Copy word for word, and only, the lines below from the one with "this 1666×1667 image." through the last.

****

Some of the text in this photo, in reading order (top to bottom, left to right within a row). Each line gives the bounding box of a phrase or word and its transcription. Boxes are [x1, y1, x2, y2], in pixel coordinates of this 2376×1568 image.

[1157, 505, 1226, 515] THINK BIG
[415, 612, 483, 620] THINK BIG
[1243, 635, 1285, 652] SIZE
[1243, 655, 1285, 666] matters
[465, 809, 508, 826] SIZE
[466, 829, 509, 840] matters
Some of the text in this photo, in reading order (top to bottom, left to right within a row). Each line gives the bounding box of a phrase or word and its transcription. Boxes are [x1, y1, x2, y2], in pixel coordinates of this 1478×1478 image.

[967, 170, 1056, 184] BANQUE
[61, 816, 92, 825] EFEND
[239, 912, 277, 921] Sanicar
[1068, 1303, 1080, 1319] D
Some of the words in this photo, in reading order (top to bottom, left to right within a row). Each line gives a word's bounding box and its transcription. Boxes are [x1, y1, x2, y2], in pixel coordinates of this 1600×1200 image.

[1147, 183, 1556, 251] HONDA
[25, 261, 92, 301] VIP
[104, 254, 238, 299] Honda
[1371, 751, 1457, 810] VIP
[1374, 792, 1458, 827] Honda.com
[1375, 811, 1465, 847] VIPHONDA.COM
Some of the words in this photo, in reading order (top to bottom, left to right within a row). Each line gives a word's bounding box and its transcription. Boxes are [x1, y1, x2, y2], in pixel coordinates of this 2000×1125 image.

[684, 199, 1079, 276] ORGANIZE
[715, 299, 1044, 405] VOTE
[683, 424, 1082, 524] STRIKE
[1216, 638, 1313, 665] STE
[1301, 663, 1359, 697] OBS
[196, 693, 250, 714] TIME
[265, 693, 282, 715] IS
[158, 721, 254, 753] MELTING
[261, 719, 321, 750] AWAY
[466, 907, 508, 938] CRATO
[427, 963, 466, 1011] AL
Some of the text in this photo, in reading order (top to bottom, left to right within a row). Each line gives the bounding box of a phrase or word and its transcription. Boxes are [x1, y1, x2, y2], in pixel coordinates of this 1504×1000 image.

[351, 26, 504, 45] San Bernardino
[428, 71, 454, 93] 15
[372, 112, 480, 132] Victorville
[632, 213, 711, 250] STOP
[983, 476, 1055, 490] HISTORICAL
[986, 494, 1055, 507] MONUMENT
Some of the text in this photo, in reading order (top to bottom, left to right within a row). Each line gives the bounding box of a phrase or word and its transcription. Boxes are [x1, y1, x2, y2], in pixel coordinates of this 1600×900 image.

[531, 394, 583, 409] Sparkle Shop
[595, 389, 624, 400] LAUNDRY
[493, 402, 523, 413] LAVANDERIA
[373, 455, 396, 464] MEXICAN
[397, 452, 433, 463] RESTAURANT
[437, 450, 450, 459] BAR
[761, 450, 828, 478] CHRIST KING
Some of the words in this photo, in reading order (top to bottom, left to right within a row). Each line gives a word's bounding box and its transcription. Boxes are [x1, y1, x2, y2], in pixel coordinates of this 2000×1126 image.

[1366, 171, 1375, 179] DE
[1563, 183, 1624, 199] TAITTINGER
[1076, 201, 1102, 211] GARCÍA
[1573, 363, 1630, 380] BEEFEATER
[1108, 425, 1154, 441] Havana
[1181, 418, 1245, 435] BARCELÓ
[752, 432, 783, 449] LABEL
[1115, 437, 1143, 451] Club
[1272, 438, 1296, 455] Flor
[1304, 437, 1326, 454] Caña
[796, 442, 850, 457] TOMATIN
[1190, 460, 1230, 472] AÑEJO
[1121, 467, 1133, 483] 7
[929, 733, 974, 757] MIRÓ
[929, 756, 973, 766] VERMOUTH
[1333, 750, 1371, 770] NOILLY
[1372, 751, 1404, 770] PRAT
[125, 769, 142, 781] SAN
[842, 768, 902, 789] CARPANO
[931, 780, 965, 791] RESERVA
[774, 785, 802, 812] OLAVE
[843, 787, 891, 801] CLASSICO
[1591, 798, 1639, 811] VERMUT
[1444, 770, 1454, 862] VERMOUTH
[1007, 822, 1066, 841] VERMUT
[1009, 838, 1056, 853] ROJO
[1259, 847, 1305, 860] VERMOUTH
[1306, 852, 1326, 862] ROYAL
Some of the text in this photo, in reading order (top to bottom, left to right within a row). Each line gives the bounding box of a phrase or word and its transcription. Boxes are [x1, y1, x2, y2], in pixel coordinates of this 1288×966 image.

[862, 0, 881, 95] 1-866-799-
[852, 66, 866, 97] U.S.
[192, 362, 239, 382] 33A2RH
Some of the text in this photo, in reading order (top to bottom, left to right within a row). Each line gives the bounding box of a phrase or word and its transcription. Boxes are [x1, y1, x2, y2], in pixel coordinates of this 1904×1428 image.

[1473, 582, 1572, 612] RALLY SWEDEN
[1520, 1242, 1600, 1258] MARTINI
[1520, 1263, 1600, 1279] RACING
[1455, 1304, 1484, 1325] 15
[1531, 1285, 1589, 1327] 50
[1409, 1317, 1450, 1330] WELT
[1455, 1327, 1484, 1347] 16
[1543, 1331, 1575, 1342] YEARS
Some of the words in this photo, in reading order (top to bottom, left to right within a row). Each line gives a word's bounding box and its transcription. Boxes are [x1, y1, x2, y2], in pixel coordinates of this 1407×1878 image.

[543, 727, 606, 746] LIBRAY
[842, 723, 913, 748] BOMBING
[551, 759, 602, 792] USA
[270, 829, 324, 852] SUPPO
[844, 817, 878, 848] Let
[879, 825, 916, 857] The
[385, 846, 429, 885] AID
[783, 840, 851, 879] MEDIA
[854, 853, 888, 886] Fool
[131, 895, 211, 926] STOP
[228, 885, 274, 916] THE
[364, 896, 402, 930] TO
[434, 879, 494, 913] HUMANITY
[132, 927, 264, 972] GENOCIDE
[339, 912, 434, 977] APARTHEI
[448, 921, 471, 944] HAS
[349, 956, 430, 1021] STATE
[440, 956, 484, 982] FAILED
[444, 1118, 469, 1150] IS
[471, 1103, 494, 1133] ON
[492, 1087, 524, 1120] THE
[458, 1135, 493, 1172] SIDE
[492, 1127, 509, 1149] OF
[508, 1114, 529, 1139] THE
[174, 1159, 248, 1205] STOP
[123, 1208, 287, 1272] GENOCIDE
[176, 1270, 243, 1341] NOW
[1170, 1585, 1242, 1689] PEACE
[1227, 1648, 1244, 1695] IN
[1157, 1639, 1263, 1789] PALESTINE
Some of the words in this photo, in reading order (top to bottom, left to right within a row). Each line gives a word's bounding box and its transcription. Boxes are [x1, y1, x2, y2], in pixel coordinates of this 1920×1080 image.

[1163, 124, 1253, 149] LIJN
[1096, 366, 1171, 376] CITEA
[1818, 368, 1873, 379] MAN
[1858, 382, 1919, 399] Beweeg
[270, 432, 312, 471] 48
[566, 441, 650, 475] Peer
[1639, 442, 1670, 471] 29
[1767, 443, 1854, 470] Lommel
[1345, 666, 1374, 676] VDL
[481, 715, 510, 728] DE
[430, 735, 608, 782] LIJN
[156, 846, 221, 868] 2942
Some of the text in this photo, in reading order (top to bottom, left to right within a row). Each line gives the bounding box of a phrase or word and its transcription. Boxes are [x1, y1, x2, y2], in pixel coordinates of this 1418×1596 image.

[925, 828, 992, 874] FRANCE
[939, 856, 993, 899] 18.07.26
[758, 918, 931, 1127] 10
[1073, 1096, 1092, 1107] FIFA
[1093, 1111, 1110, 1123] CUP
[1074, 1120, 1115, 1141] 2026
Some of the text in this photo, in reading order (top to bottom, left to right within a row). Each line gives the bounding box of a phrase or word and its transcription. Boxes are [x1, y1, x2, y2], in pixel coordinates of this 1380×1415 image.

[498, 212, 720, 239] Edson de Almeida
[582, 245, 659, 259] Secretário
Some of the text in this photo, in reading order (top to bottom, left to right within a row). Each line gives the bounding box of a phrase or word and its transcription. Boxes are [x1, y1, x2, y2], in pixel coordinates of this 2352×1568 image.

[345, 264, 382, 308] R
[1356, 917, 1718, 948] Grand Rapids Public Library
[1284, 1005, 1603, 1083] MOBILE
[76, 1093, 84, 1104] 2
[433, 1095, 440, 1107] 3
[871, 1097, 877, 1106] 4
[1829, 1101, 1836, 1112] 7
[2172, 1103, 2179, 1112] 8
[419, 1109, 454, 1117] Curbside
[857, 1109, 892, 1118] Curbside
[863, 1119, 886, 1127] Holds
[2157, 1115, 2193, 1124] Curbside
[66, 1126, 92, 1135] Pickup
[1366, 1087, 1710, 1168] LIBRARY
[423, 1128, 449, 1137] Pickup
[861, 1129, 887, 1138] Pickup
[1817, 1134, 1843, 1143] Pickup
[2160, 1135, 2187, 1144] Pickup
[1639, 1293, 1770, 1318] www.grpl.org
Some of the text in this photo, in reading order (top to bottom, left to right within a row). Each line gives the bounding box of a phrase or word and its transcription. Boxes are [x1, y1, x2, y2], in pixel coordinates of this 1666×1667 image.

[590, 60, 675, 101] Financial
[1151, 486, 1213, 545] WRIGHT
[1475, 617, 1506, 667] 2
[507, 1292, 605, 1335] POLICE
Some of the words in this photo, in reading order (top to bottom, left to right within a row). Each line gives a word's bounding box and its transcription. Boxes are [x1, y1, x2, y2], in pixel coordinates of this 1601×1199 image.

****

- _ANSWER TO THIS PROBLEM_:
Some of the text in this photo, in reading order (top to bottom, left to right within a row). Each line gives the bounding box of a phrase or word and its transcription. Boxes are [x1, y1, x2, y2], in pixel coordinates of this 1666×1667 image.

[590, 60, 675, 101] Financial
[1151, 486, 1213, 545] WRIGHT
[1475, 617, 1506, 667] 2
[507, 1292, 605, 1335] POLICE
Some of the words in this photo, in reading order (top to bottom, left to right within a row). Each line gives a word's bounding box and its transcription. Boxes are [x1, y1, x2, y2], in pixel coordinates of this 1601×1199 image.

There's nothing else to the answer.